That's the hardest part of all to do. And you are anxious to see the children when you come home, and you don't want to immediately step in the door and have to punish them right away. And usually it upsets you just as much as it does the children, and I don't think it's particularly helpful to the wife either, because it's upsetting her because the husband and the children are upset. And the kids look on the dad as the tyrant. That's right. Some kind of an auger. Yeah, the racons are going to get it. Well, in the defense of the women, I know that if you're home on a Saturday by yourself, well, women discussing is pure theory, because even last night I was home with the children for a short period of time, and they can do so many things wrong. And so a few minutes that you quit being angry and just get completely perplexed, and I think that's why many mothers are at the end of the day. They just overplexed. They just pass it on to somebody else. Logic would not stop them from doing it. Do you all have the same feeling about the weekend that it really...
You do your discipline wears out. It wears them after a while. And you don't know whether you're after them just because you're on edge or whether they're behaving badly. The other thing that I was really driving at, I think that it takes angeriness or indignation to be a good punisher that they used to say 20 years ago when they were talking more theory than they do now. That you should never punish a child in anger, especially never strike a child in anger, wait until you cool off.

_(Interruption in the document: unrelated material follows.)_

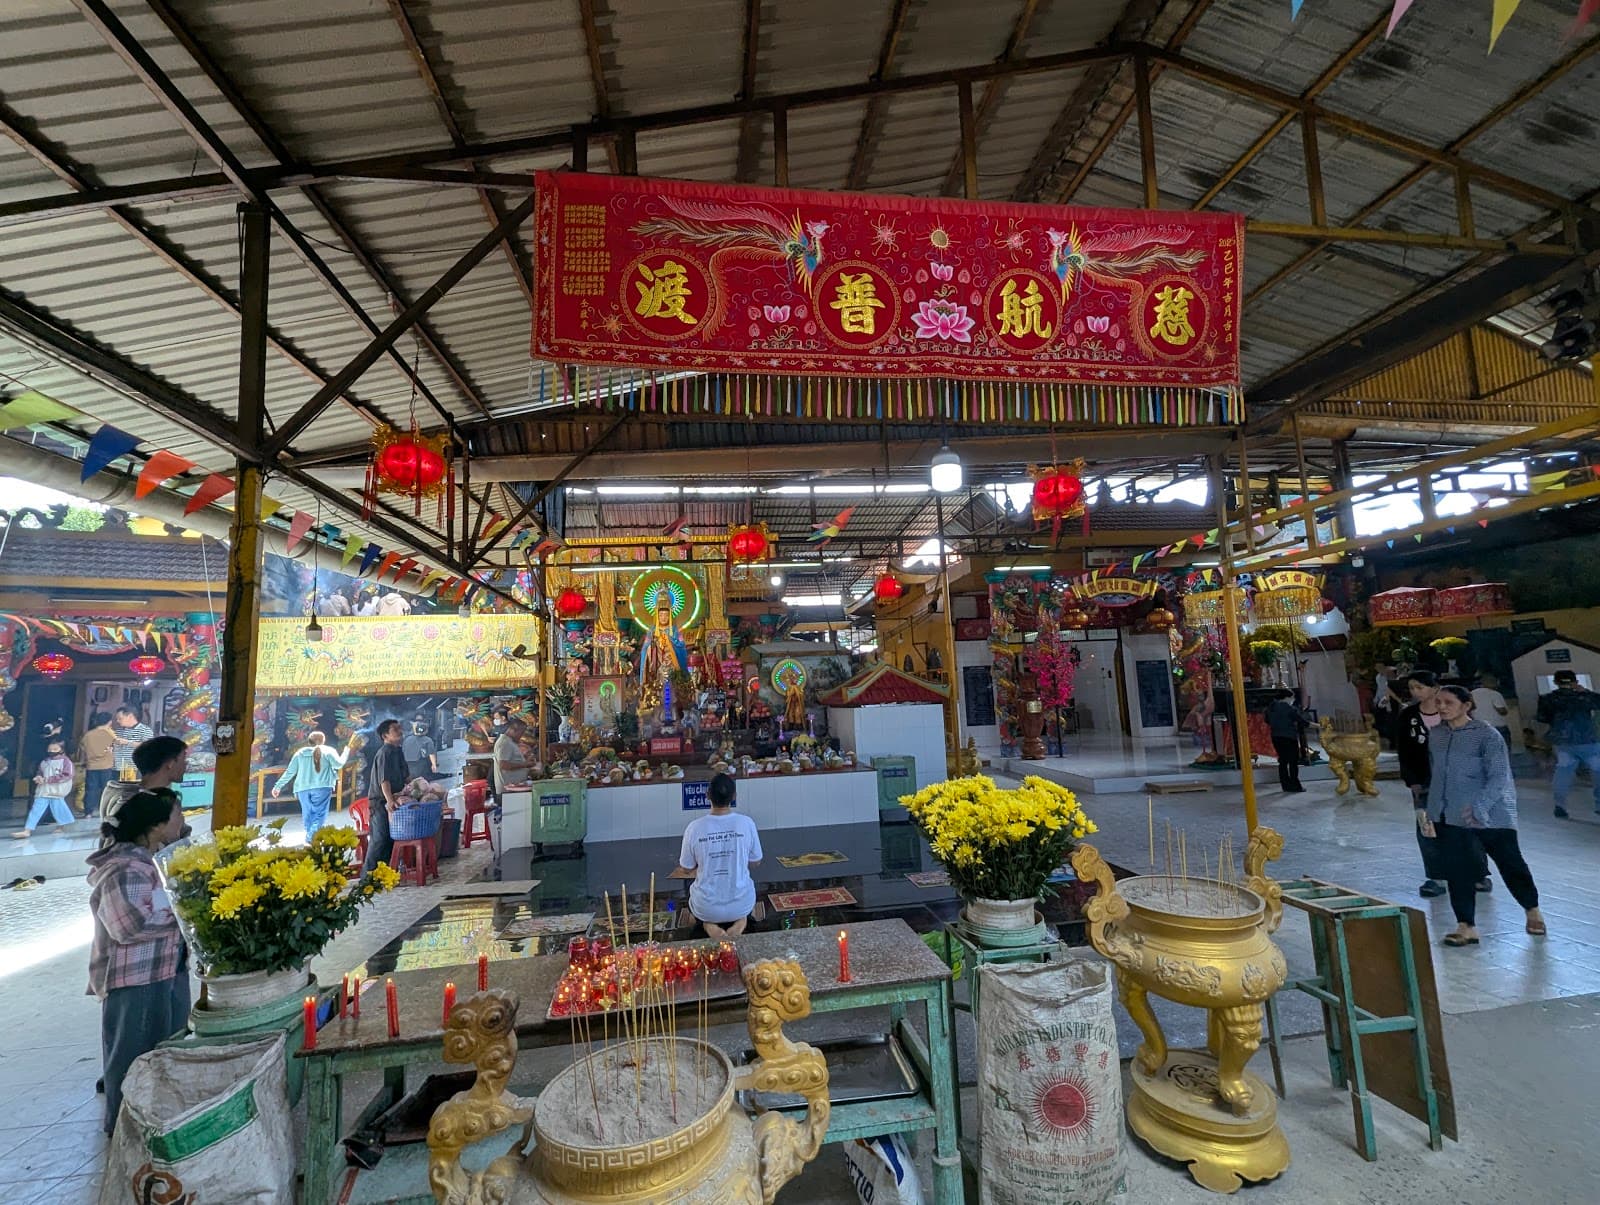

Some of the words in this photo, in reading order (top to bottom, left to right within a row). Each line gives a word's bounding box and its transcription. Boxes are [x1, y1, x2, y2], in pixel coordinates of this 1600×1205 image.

This seems to me this ignores the whole human nature of a disciplinary situation. You are angry. You are indignant. And you do feel like either cracking down or at least firming up with the child. And that you have to have that feeling to be able to do it effectively. What do you feel, Dr. Spock, that child better understands it if you do it in anger rather than from a later on calm disposition suddenly whacking for what he did in half hour before.

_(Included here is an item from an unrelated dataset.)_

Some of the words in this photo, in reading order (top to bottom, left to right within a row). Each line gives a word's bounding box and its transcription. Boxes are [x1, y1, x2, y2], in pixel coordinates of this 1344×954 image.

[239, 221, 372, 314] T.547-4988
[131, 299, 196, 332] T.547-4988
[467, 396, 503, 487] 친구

It would seem to me that he could understand it better. I think that's right. If we look at it realistically, the child has done something that he probably knew was bad. We're not talking here about a parent who is merely irritable and is jumping on a child for something that isn't bad at all. Where it's really the father or the mother being angry about some other situation and taking it out on the child. I assume that what we're talking about is when the child really has misbehaved in a way they've been warned not to do. And I think that this is the reality of the situation. The child is looking for trouble and that he's found that the adult is feeling appropriately angry. I'd go to the opposite extreme and say that the parent who can discipline a child certainly in a way of a spanking or something even in the way of a deprivation that really hurts the child. The parent who can lay that down in a cool moment is a rather grim kind of driving.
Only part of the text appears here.